A t the outset, it is relevant to describe briefly what may be called an “appropriate economic development path” for a developing economy, which has been experienced by the developed countries, newly industrialised economies (NIEs), China, and Malaysia (culled from various sources). By and large, developing economies are dominated by agriculture, supplemented by unorganised industrial and service sectors in terms of the gross domestic product (GDP) composition. The unorganised sector is predominant in the occupational structure of the labour force (employment composition), with the organised sector having a marginal presence. On the external front, such economies experience trade deficits and exports comprise largely agro and processed products, supplemented by light manufactured goods. There are hardly any heavy manufactured goods in the export basket for obvious reasons.

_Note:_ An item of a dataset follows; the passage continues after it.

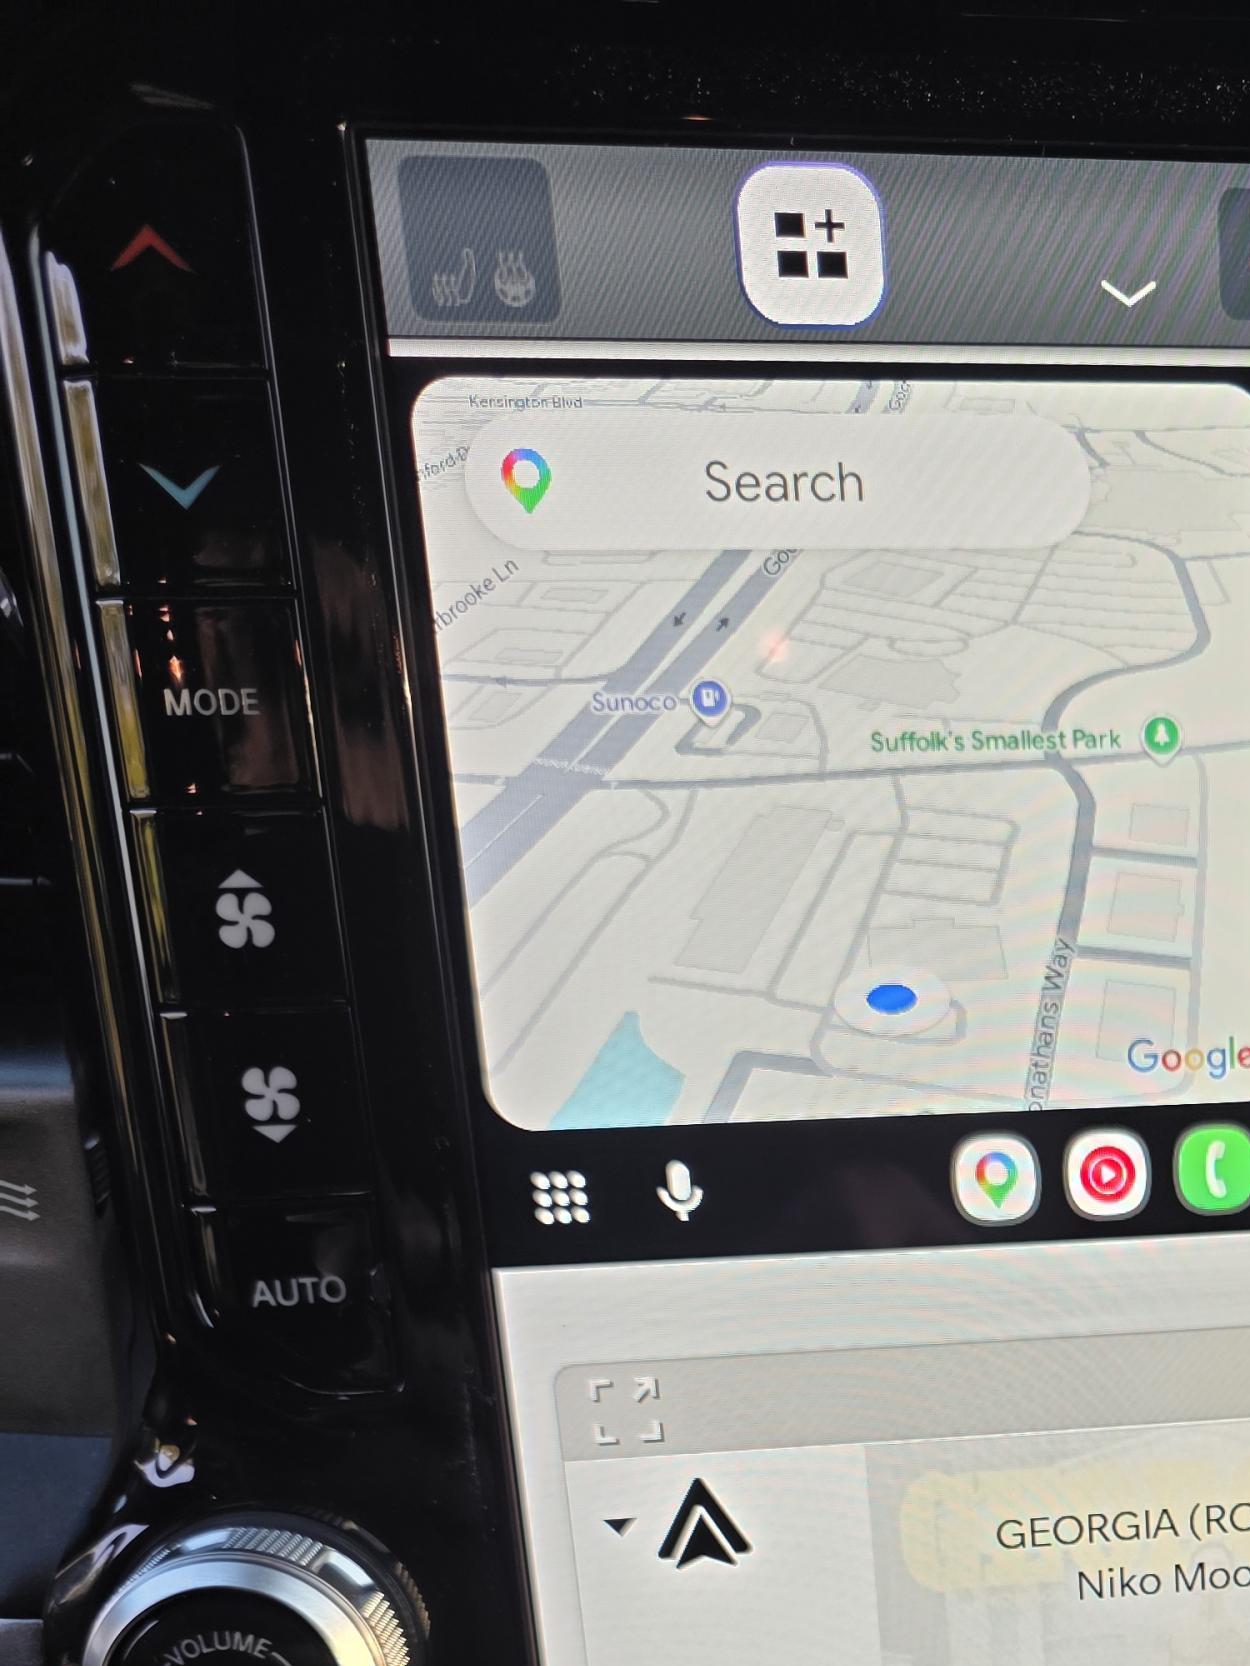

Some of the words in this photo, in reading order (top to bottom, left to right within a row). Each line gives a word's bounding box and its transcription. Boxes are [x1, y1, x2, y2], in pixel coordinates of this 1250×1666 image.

However, when economic growth takes place, in which “industrialisation” spearheads the whole process, agricultural development takes place, followed by service sector development. Industrial development is characterised by a structural shift in the compositions of manufacturing value added (MVA) and industrial employment. The growth of industry gives a fillip to the growth of the organised sector in the entire economy. Organised sector employment growth will outweigh that of unorganised sector employment. In organised industry, the share of consumer goods will steadily decline, compensated for by a steady increase in the shares of capital goods, basic goods, and intermediate goods industries. The economic transformation facilitated by industrial development leads to a transformation of the export basket as well where the relative shares of agro and processed goods are compensated for by the increase in the shares of manufactured goods – initially light manufactured goods but later heavy manufactured goods. The countries that have pursued this path of economic development have achieved economic prosperity and such economies experience continuous trade surpluses, current account surpluses, and have strong and stable currencies (such as NIEs, China, and Malaysia).
1 India’s Initial Achievements
Indian economic policymakers intended to pursue this path of development when they launched the Industrial Policy Resolution of 1948 and the Industrial Policy Resolution of 1956, followed by a series of industrial controls and regulations, supplemented by five-year economic plans. In the process, agriculture developed in certain pockets, if not across the country, organised industrial development progressed with a shift from consumer goods to the capital goods, intermediate goods, and basic goods industries, which also led to the development of an organised service sector. The share of consumer goods industries in MVA decreased from 49% in 1960-61 to 27% by 1991, whereas the share of capital goods industries in MVA increased from about 12% to almost 22% during the same period (Bala Subrahmanya 2009). Organised sector employment grew from 20.63 million in 1977 to 26.73 million in 1991, an annual average growth rate of about 1.9% (Ministry of Finance 1992, 1998). But the organised sector employed only about 8% of the total workforce in 1991. The export basket shifted from agro and processed goods towards manufactured goods, particularly light manufactured goods. Agro and allied products, which accounted for about 44% of the total exports in 1960-61, contributed 19.40% in 1990-91. The contribution of manufactured products, which was about 45% in 1960-61, increased to more than 79% in 1990-91 (Ministry of Finance 1998). Of course, manufactured exports primarily comprised light manufactured goods. However, the overall progress and the shift from the early 1950s to the late 1980s were on the desired path of economic development.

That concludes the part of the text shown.